Mayank Mehta, PhD: New ways to diagnose learning and memory disorders

Mayank-Mehta

"By showing [Orson] Welles's movie "Touch of Evil" to mice, Chinmay Purandare, PhD, and Prof. Mayank Mehta of UCLA have uncovered surprising and important new insights about how neurons form memories. The discovery points to new ways to diagnose Alzheimer's and other learning and memory impairments, while also improving artificial intelligence.
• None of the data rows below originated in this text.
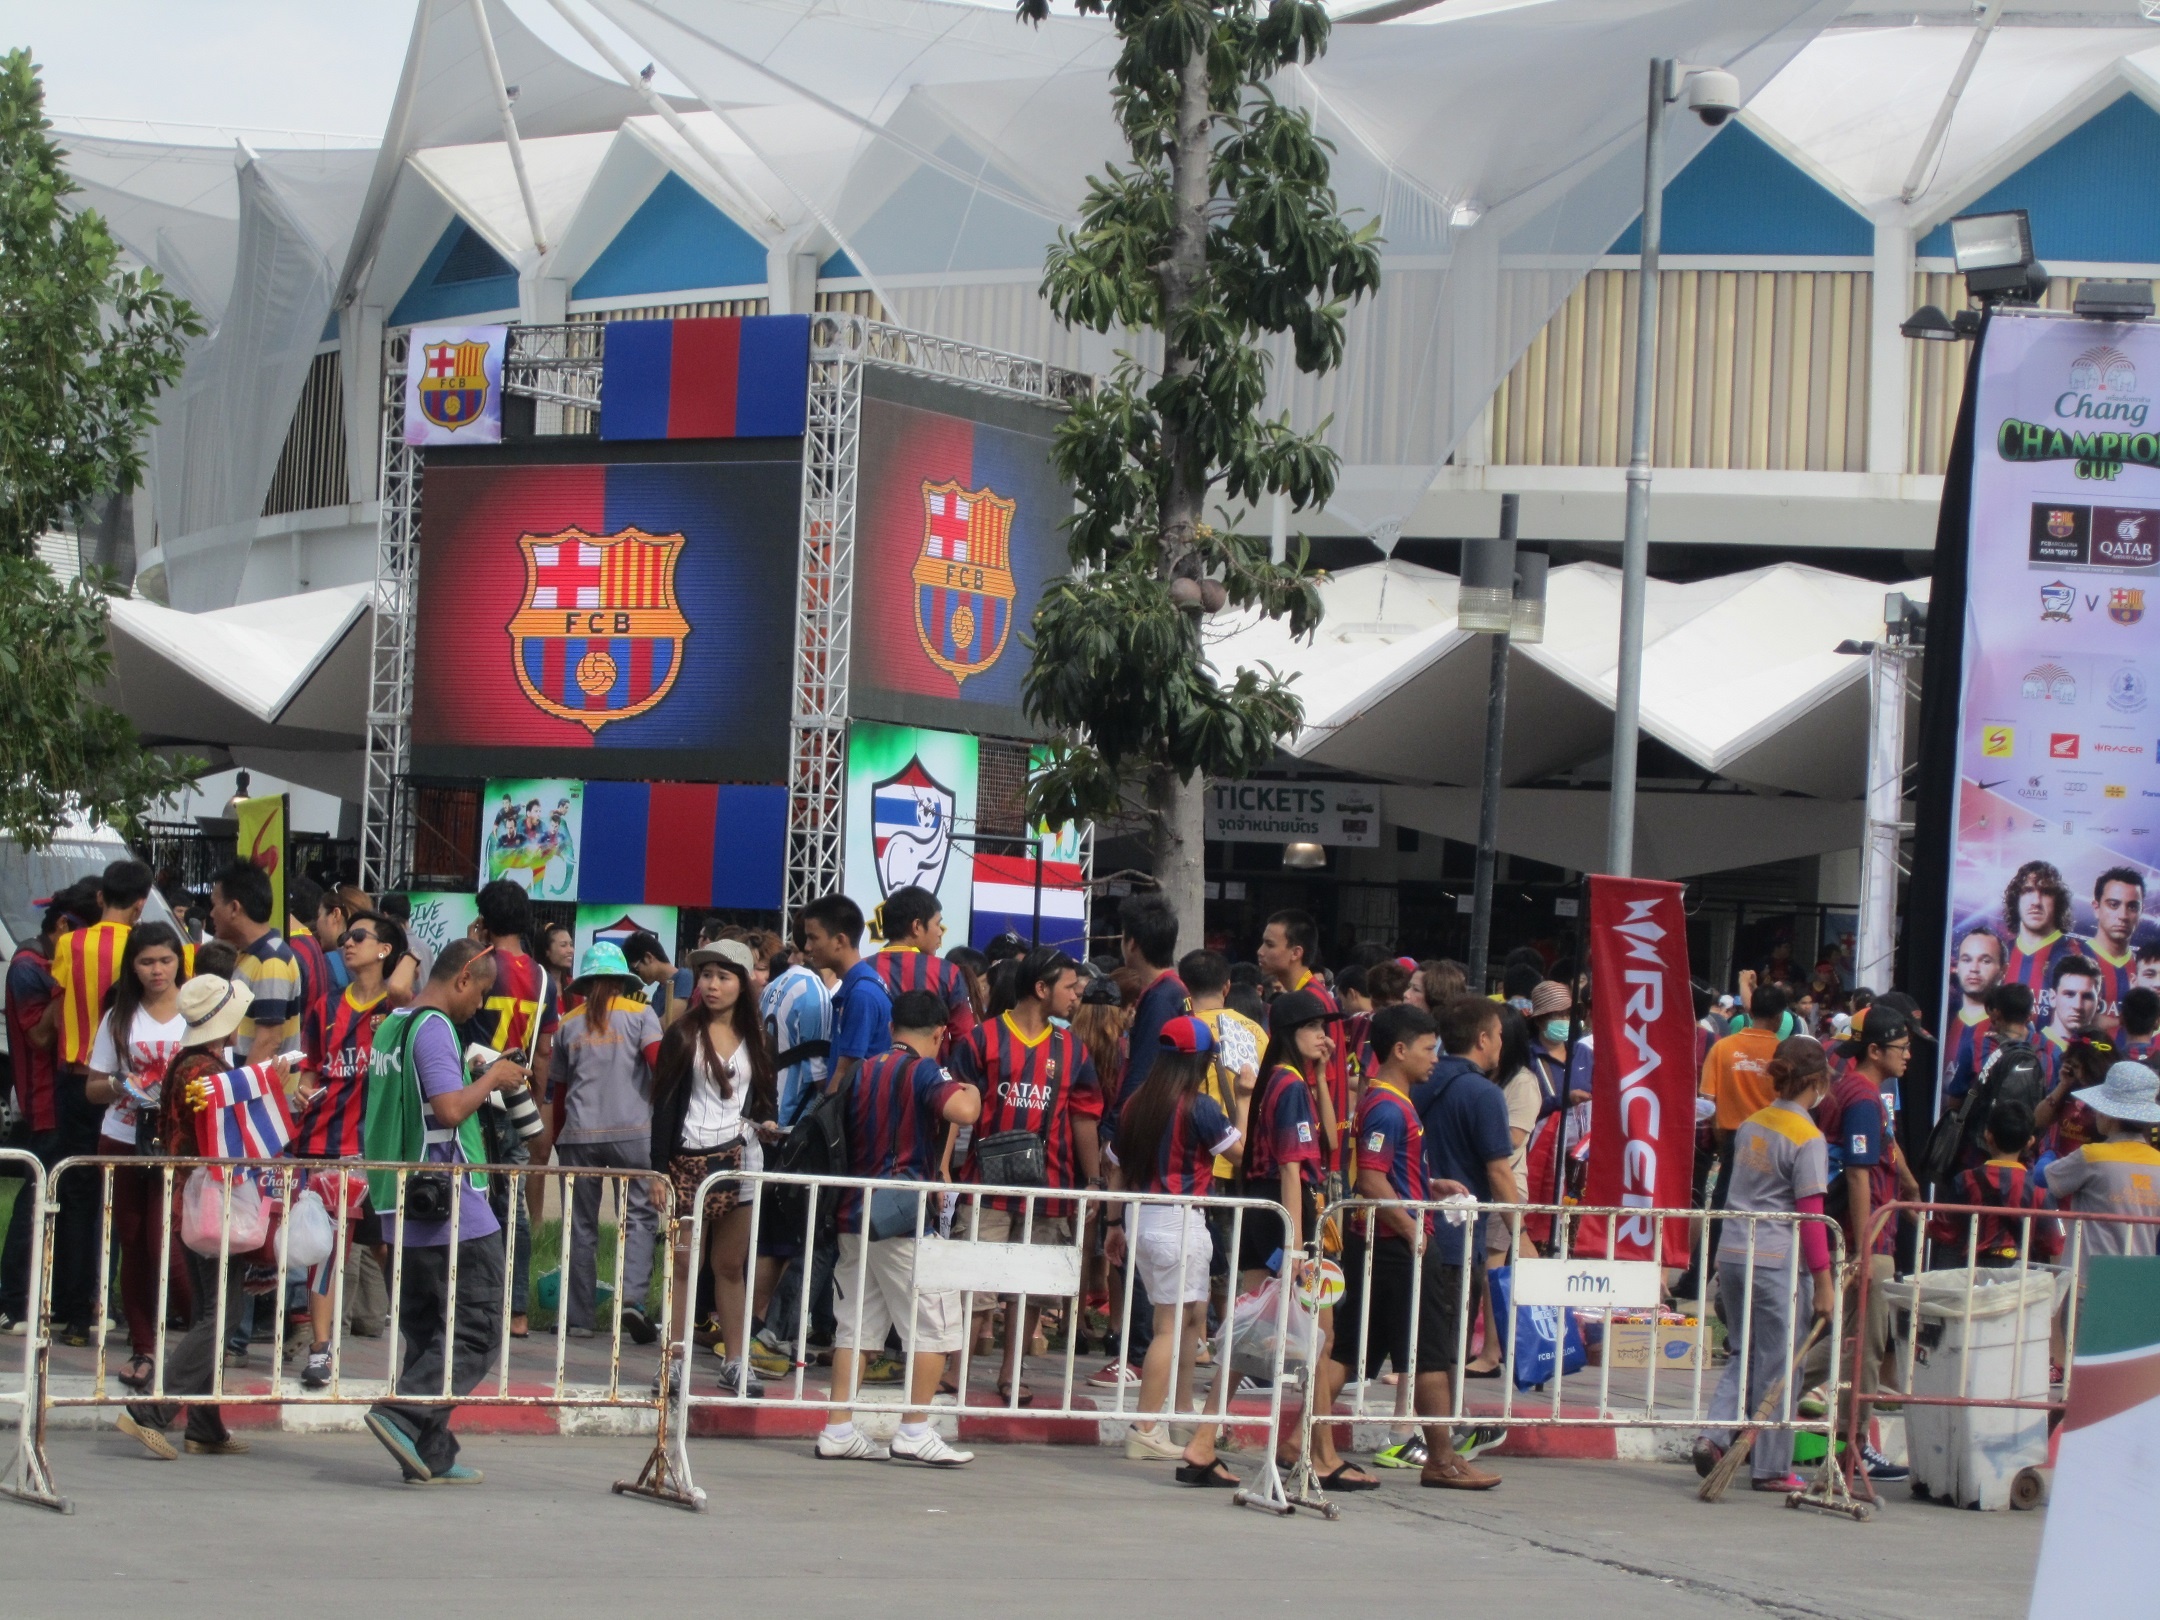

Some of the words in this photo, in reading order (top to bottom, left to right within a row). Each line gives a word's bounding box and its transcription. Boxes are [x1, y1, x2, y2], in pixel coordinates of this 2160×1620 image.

[440, 377, 466, 389] FCB
[2054, 391, 2150, 428] Chang
[2075, 459, 2123, 481] CUP
[2100, 541, 2152, 556] QATAR
[946, 563, 984, 591] FCB
[565, 611, 631, 635] FCB
[1213, 784, 1325, 814] TICKETS
[2018, 788, 2048, 797] QATAR
[1218, 814, 1320, 836] จุดจำหน่ายบัตร
[323, 1046, 369, 1071] QATA
[997, 1081, 1052, 1100] QATAR
[260, 1174, 299, 1190] Chag
Mice were shown a short clip from the 1958 film noir classic "Touch of Evil" as scientists monitored their brain activity. This was a rather nondescript black-and-white, silent movie clip showing humans walking about. Textbook knowledge and conventional wisdom says that mice should not show interest in such a movie and nor should neurons in a part of their brain called the hippocampus, which is known to be crucial for learning and memory. When scientists looked inside this part of the mouse brain, they found that it only acts as "the GPS system of the brain" (as described in the 2014 Nobel Prize in Physiology or Medicine), which is unrelated to general learning, e.g. a conversation. This was a major obstacle in research on diagnosis of memory and on mechanisms of abstractions or AI.

However, the researchers made a blockbuster finding: There were surprising, but highly systematic bursts of activity in the hippocampus in response to this movie. Scientists could even reconstruct specific movie segments using these mysterious bursts from only a fraction of hippocampal neurons."